• Material provided:
────────────────

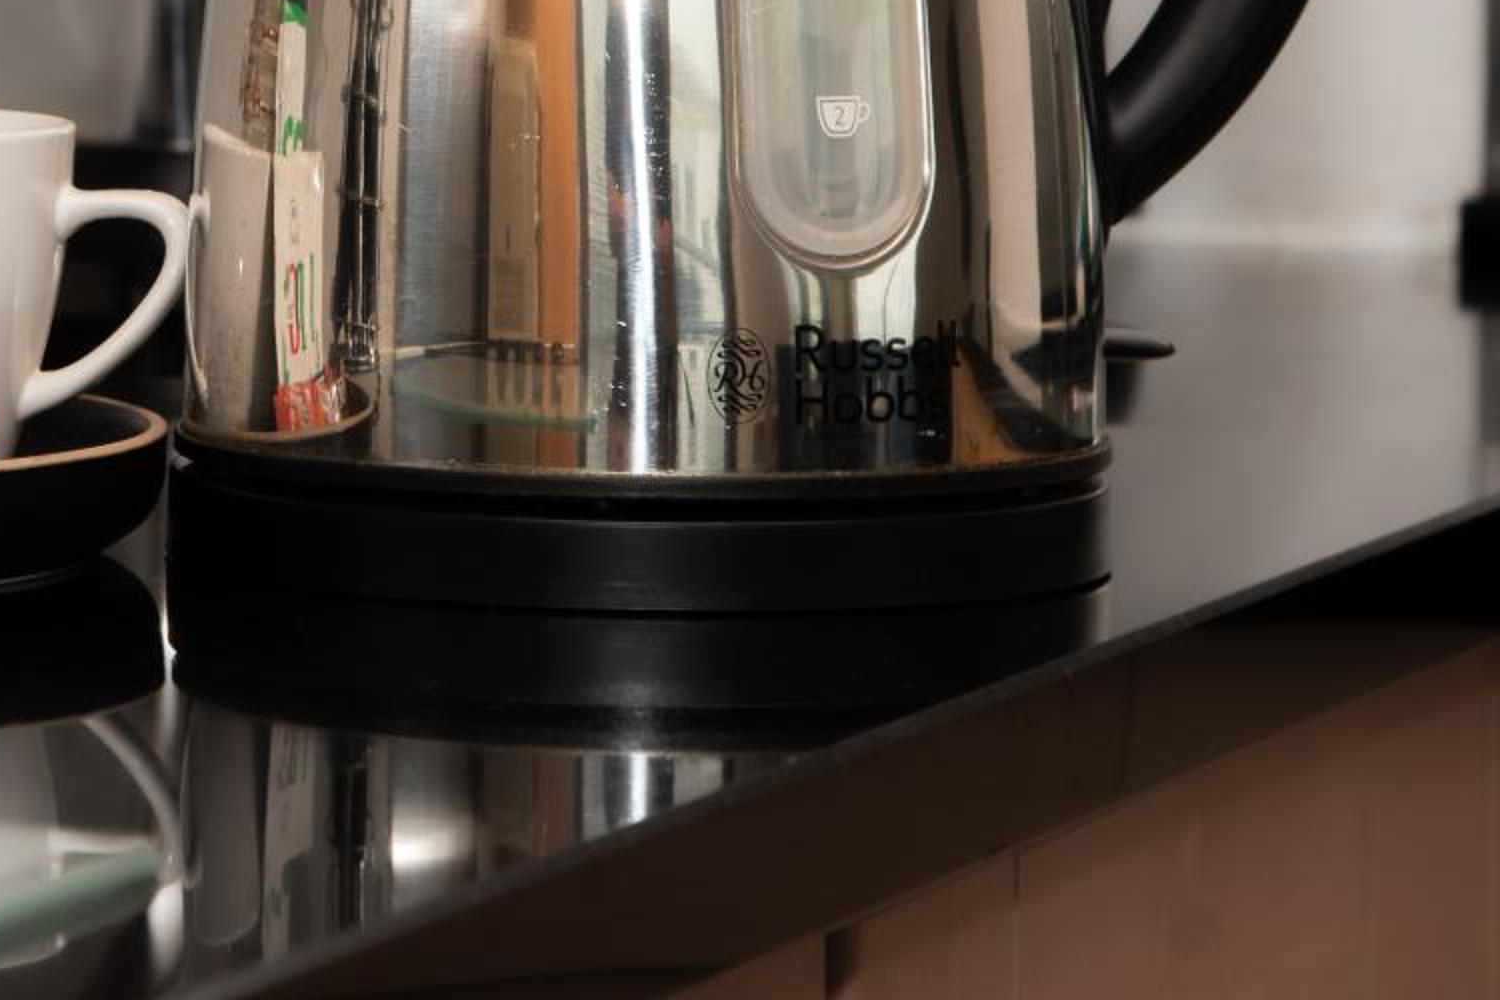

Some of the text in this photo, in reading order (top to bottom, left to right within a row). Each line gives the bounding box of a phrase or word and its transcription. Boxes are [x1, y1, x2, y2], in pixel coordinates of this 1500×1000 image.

[834, 105, 846, 126] 2
[795, 320, 960, 373] Russell
[795, 375, 948, 424] Hobbs
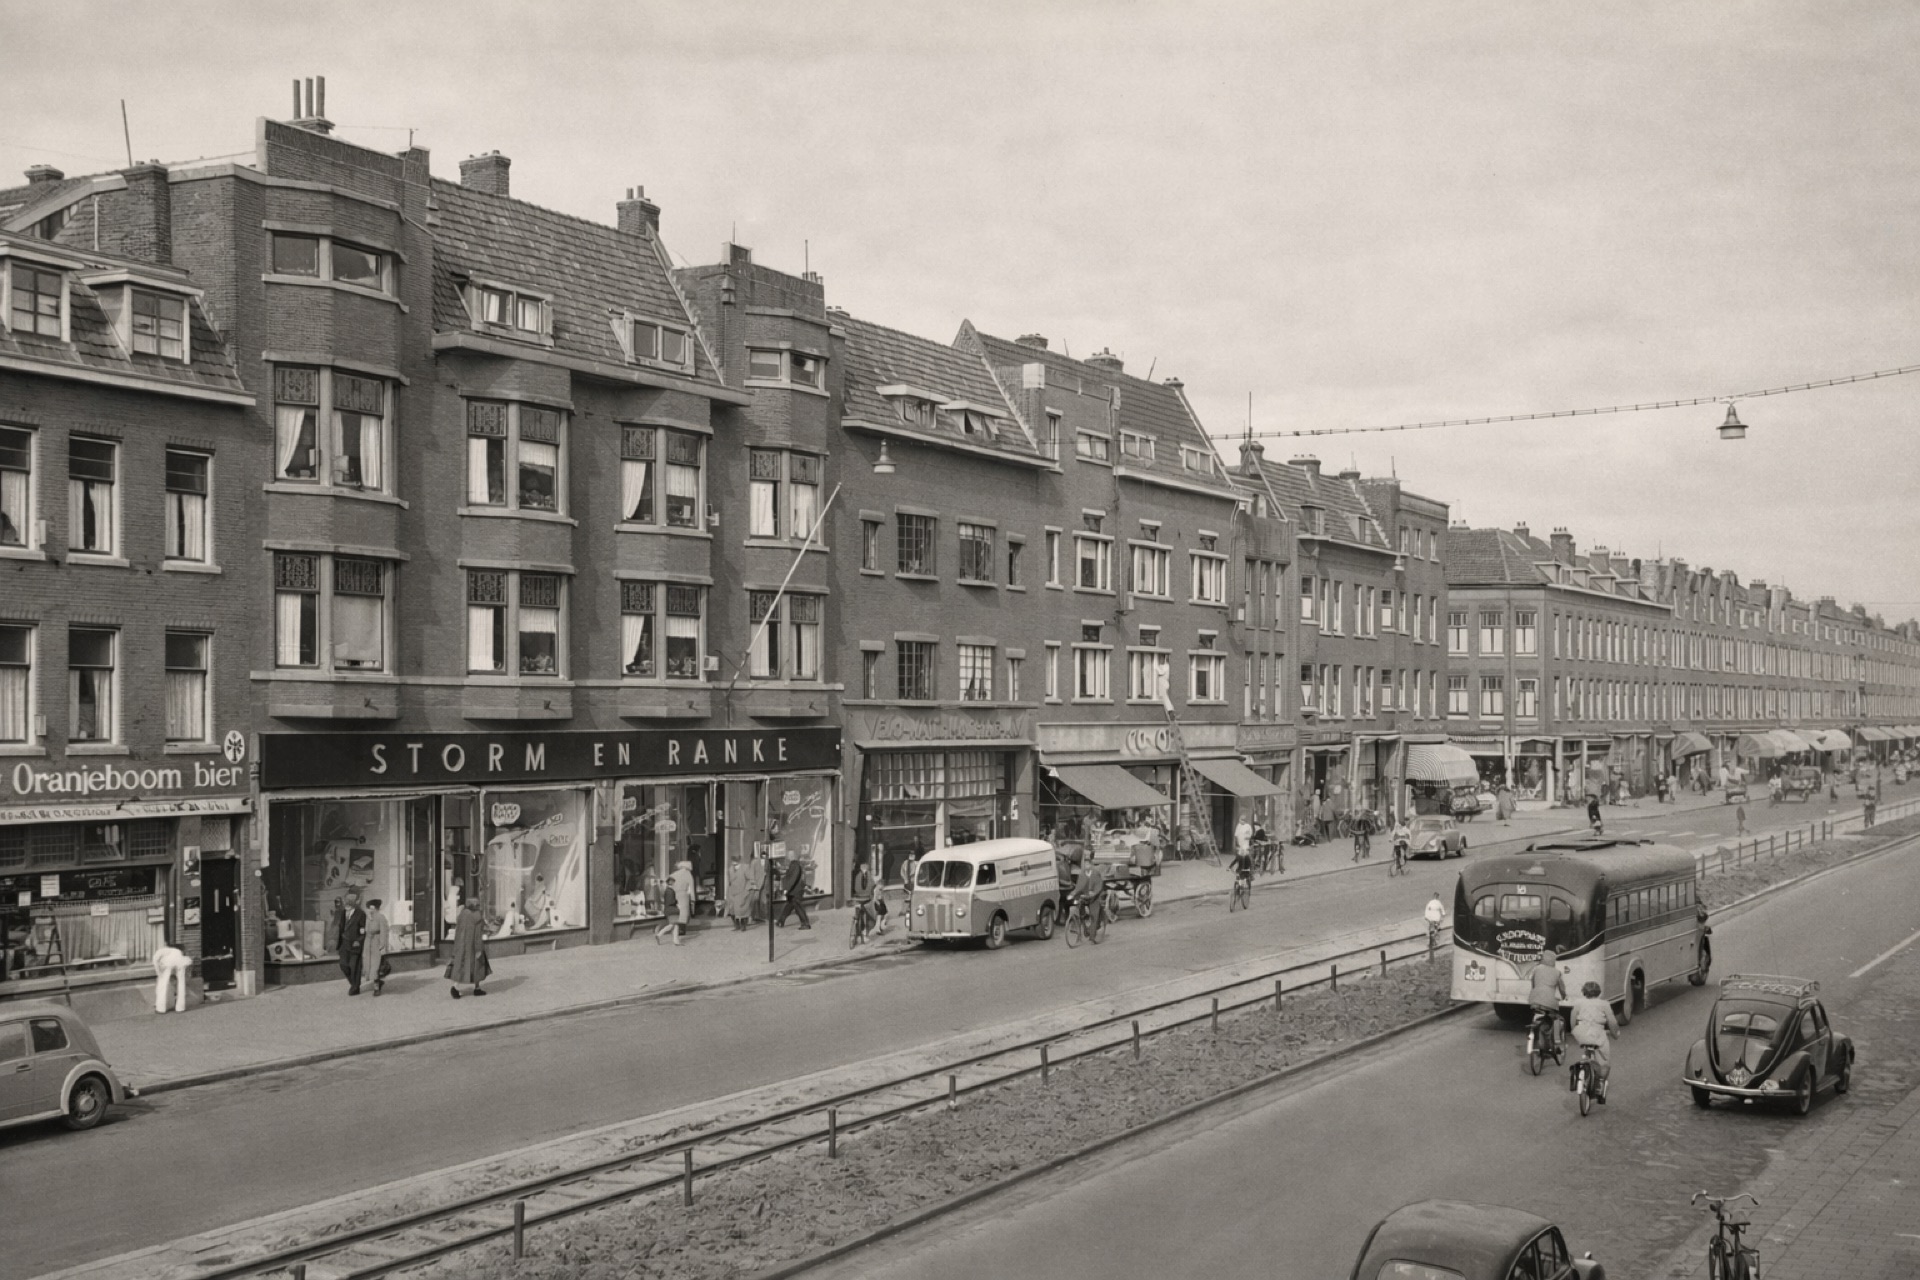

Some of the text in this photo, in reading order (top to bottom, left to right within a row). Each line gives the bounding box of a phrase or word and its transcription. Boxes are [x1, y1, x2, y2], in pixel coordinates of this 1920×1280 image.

[370, 738, 787, 774] STORM EN RANKE
[13, 763, 181, 795] Oranjeboom
[194, 761, 243, 787] bier

────────────────

Give the data again word for word, without images.

• Written solution:
Some of the text in this photo, in reading order (top to bottom, left to right within a row). Each line gives the bounding box of a phrase or word and its transcription. Boxes are [x1, y1, x2, y2], in pixel coordinates of this 1500×1000 image.

[834, 105, 846, 126] 2
[795, 320, 960, 373] Russell
[795, 375, 948, 424] Hobbs

Some of the text in this photo, in reading order (top to bottom, left to right within a row). Each line gives the bounding box of a phrase or word and its transcription. Boxes are [x1, y1, x2, y2], in pixel coordinates of this 1920×1280 image.

[370, 738, 787, 774] STORM EN RANKE
[13, 763, 181, 795] Oranjeboom
[194, 761, 243, 787] bier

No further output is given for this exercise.